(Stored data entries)
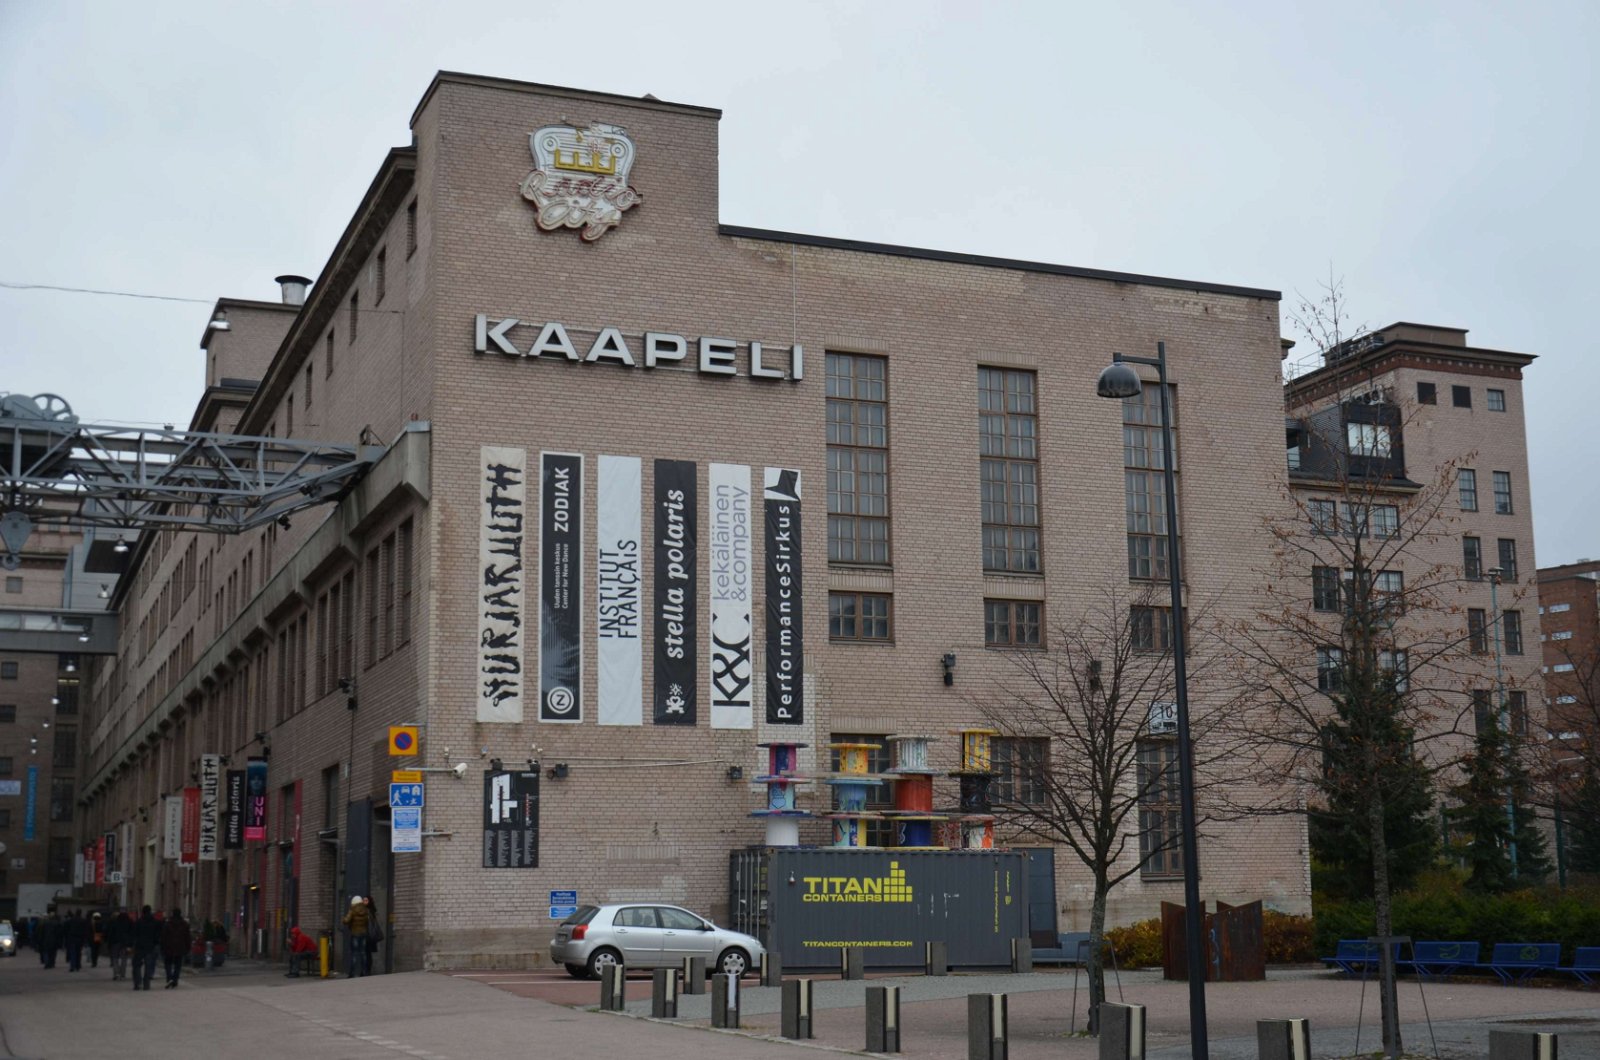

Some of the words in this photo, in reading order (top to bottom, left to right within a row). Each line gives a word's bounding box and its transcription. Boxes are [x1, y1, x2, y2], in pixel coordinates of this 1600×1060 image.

[475, 314, 803, 381] KAAPELI
[554, 467, 570, 533] ZODIAK
[663, 489, 690, 580] polaris
[712, 484, 730, 600] kekäläinen
[731, 485, 749, 602] &company
[553, 542, 561, 565] keskus
[561, 543, 569, 563] Dance
[561, 563, 569, 578] New
[481, 464, 523, 707] HURJARUUTH
[553, 565, 561, 588] tanssin
[561, 578, 569, 588] for
[599, 549, 619, 638] INSTITUT
[553, 588, 561, 609] Uuden
[561, 588, 569, 609] Center
[776, 505, 792, 719] PerformanceSirkus
[662, 588, 685, 660] stella
[712, 612, 751, 707] K&C
[230, 776, 241, 812] polaris
[228, 814, 239, 844] stella
[802, 894, 882, 902] CONTAINERS
[803, 877, 882, 894] TITAN

- Your objective -
Print the records word for word and exclude any picture they hold.

- Reply -
Some of the words in this photo, in reading order (top to bottom, left to right within a row). Each line gives a word's bounding box and its transcription. Boxes are [x1, y1, x2, y2], in pixel coordinates of this 1600×1060 image.

[475, 314, 803, 381] KAAPELI
[554, 467, 570, 533] ZODIAK
[663, 489, 690, 580] polaris
[712, 484, 730, 600] kekäläinen
[731, 485, 749, 602] &company
[553, 542, 561, 565] keskus
[561, 543, 569, 563] Dance
[561, 563, 569, 578] New
[481, 464, 523, 707] HURJARUUTH
[553, 565, 561, 588] tanssin
[561, 578, 569, 588] for
[599, 549, 619, 638] INSTITUT
[553, 588, 561, 609] Uuden
[561, 588, 569, 609] Center
[776, 505, 792, 719] PerformanceSirkus
[662, 588, 685, 660] stella
[712, 612, 751, 707] K&C
[230, 776, 241, 812] polaris
[228, 814, 239, 844] stella
[802, 894, 882, 902] CONTAINERS
[803, 877, 882, 894] TITAN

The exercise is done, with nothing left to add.